In the inline-type manufacturing apparatus 300, the sample holder 20 on which the substrate 100 is mounted by the substrate transfer system shown in FIG. 1 is charged into the substrate entrance chamber 301. Then, the sample holder 20 is transferred from the substrate entry chamber 301 to the process chamber 302, and a predetermined process is performed in the process chamber 302. For example, after a thin film is formed on the substrate 100 in the process chamber 302, the sample holder 20 is transported from the process chamber 302 to the substrate take-out chamber 303. Thereafter, the sample holder 20 is taken out from the substrate take-out chamber 303.

The sample holder 20 is conveyed between the respective chambers of the inline-type manufacturing apparatus 300 by a conveyance device (not shown). For example, open / close gates (not shown) are disposed between the substrate entry chamber 301 and the process chamber 302, and between the process chamber 302 and the substrate takeout chamber 303, and through the gates thereof, 20 are moved. In addition, the inline-type manufacturing apparatus may be a structure including the substrate entry chamber 301 and the process chamber 302 without the substrate take-out chamber 303.

For example, when the in-line manufacturing apparatus 300 shown in FIG. 23 is a plasma chemical vapor deposition (CVD) film forming apparatus, the sample holder 20 is used as an anode electrode. After the source gas is introduced into the processing chamber 302, AC power is supplied between the sample holder 20 and the cathode electrode to bring the source gas into a plasma state. A desired thin film mainly composed of the raw material contained in the source gas is formed on the exposed surface of the substrate 100 by squeezing the substrate 100 into the formed plasma. A desired thin film such as a silicon semiconductor thin film, a silicon nitride thin film, a silicon oxide thin film, a silicon oxynitride thin film, or a carbon thin film can be formed on the substrate 100 by suitably selecting the source gas. For example, when the substrate 100 is a solar cell, a mixture gas of ammonia (NH ₃ ) gas and silane (SiH ₄ ) gas is used to form an antireflection film on the substrate 100 or a silicon nitride ) Film can be formed.
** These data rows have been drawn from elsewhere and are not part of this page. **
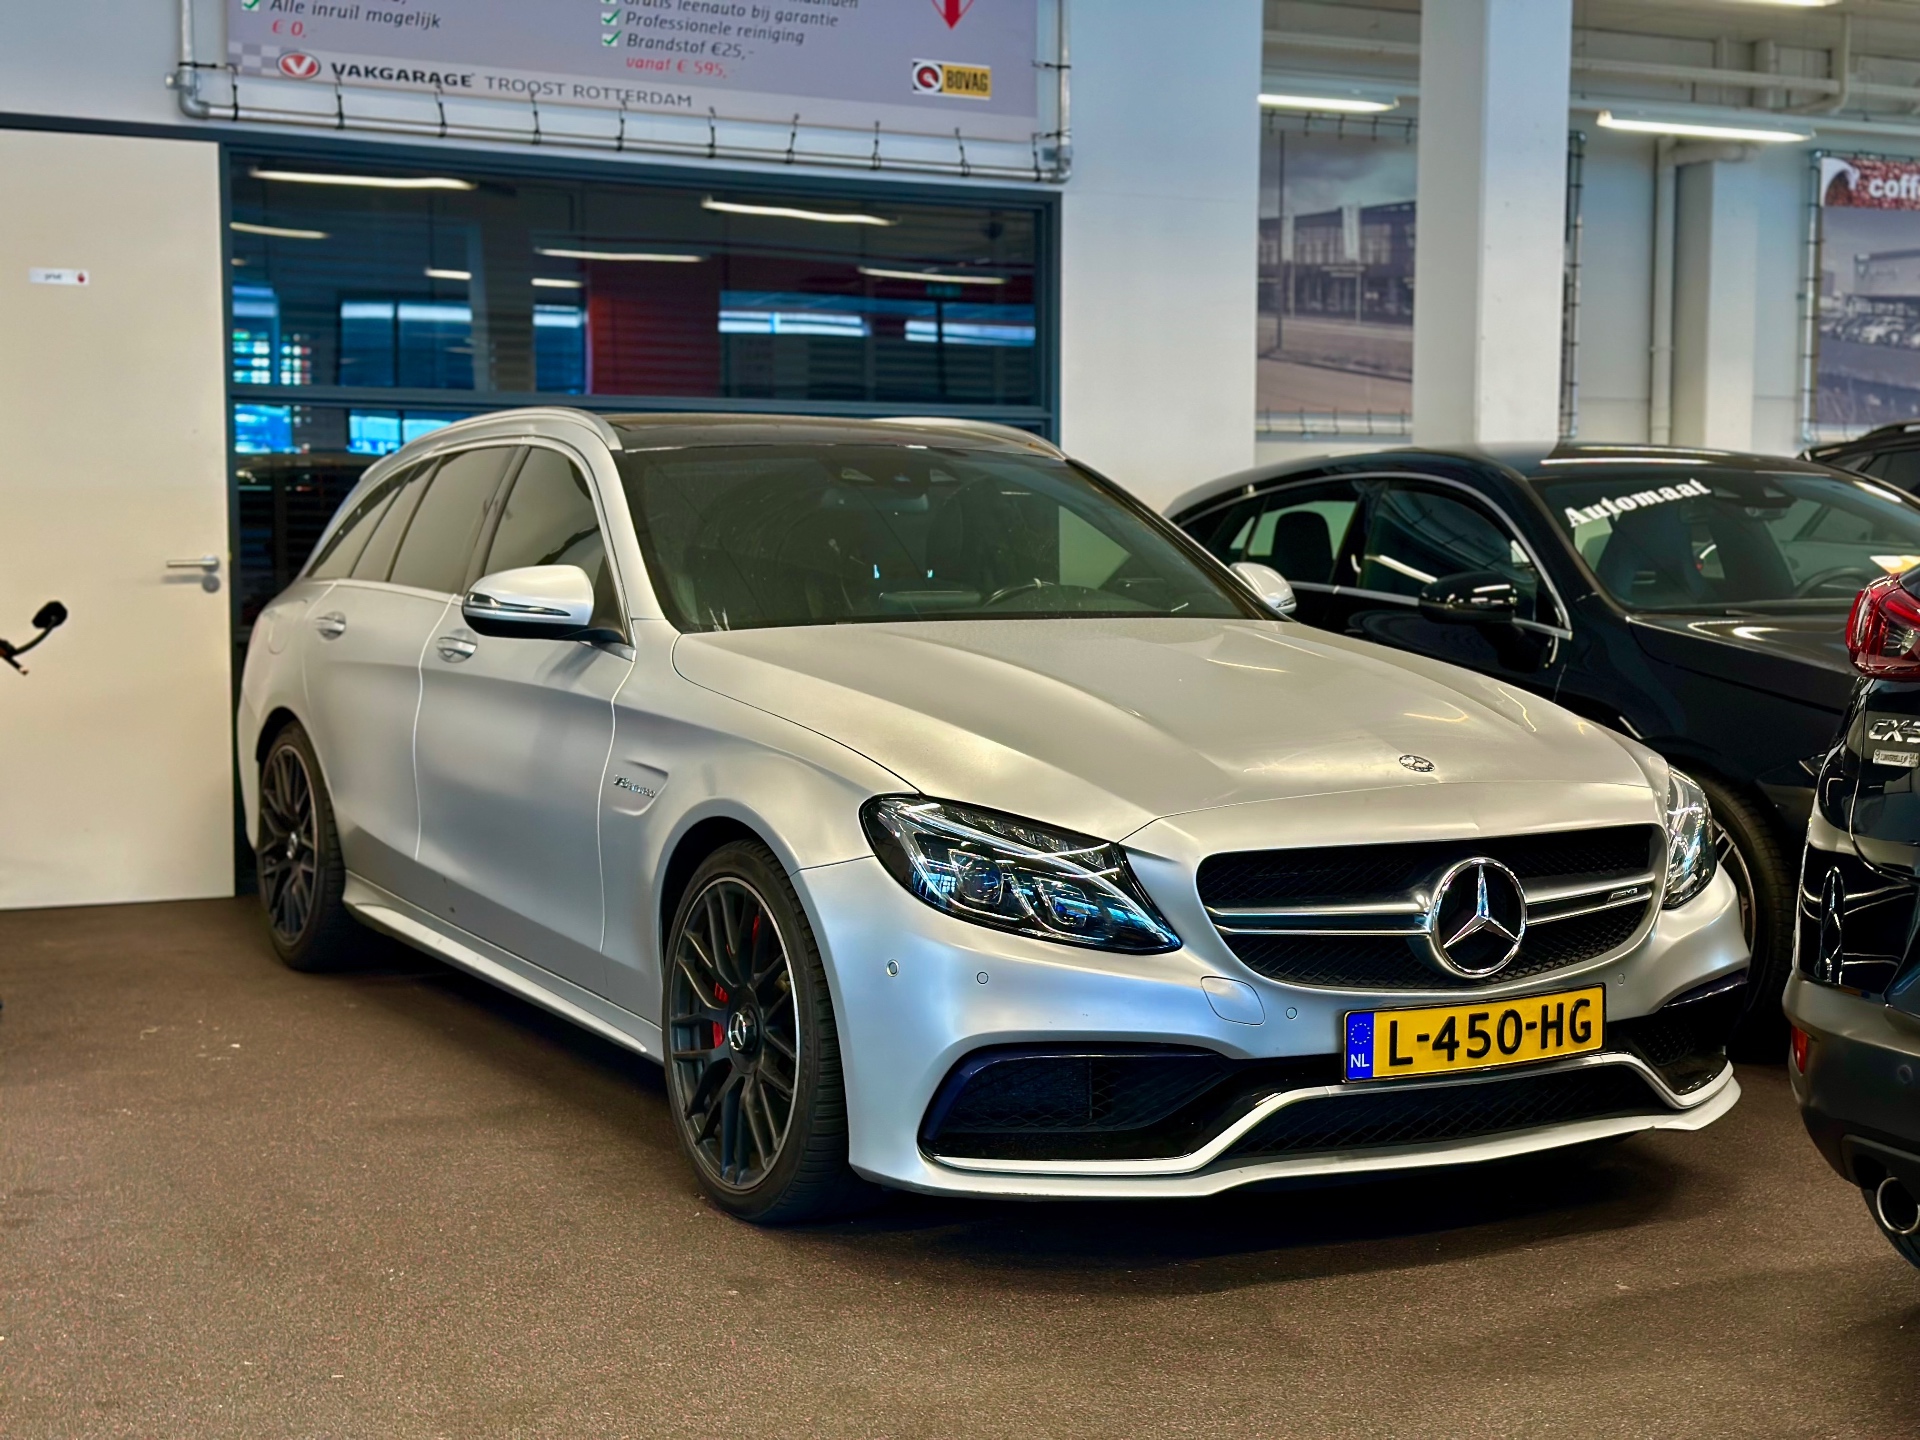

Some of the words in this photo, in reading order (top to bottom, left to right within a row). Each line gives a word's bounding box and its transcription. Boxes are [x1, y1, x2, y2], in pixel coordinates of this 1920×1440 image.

[270, 0, 305, 14] Alle
[312, 2, 360, 20] inruil
[366, 9, 441, 31] mogelijk
[677, 0, 746, 17] leenauto
[751, 5, 771, 23] bij
[774, 10, 839, 28] garantie
[625, 11, 732, 37] Professionele
[736, 25, 805, 46] reiniging
[627, 33, 706, 55] Brandstof
[626, 57, 671, 71] vanaf
[331, 62, 473, 87] VAKGARAGE
[484, 75, 566, 97] TROOST
[573, 84, 693, 108] ROTTERDAM
[946, 70, 989, 92] BOVAG
[1869, 173, 1920, 200] coff
[1564, 477, 1712, 528] Automaat
[1388, 998, 1592, 1067] L-450-HG
[1350, 1053, 1370, 1069] NL
In the film forming process of the solar cell antireflection film or the like, a film is formed on the substrate 100 in a state where the temperature of the substrate 100 to be treated is set at a predetermined set temperature. Therefore, in the case of performing film formation by the in-line type manufacturing apparatus 300, the substrate 100 is preheated in the substrate entry chamber 301 before being brought into the processing chamber 302. That is, the substrate entry chamber 301 also serves as a preheating chamber. Then, the substrate 100 having reached the set temperature is carried into the processing chamber 302, and the film forming process is performed.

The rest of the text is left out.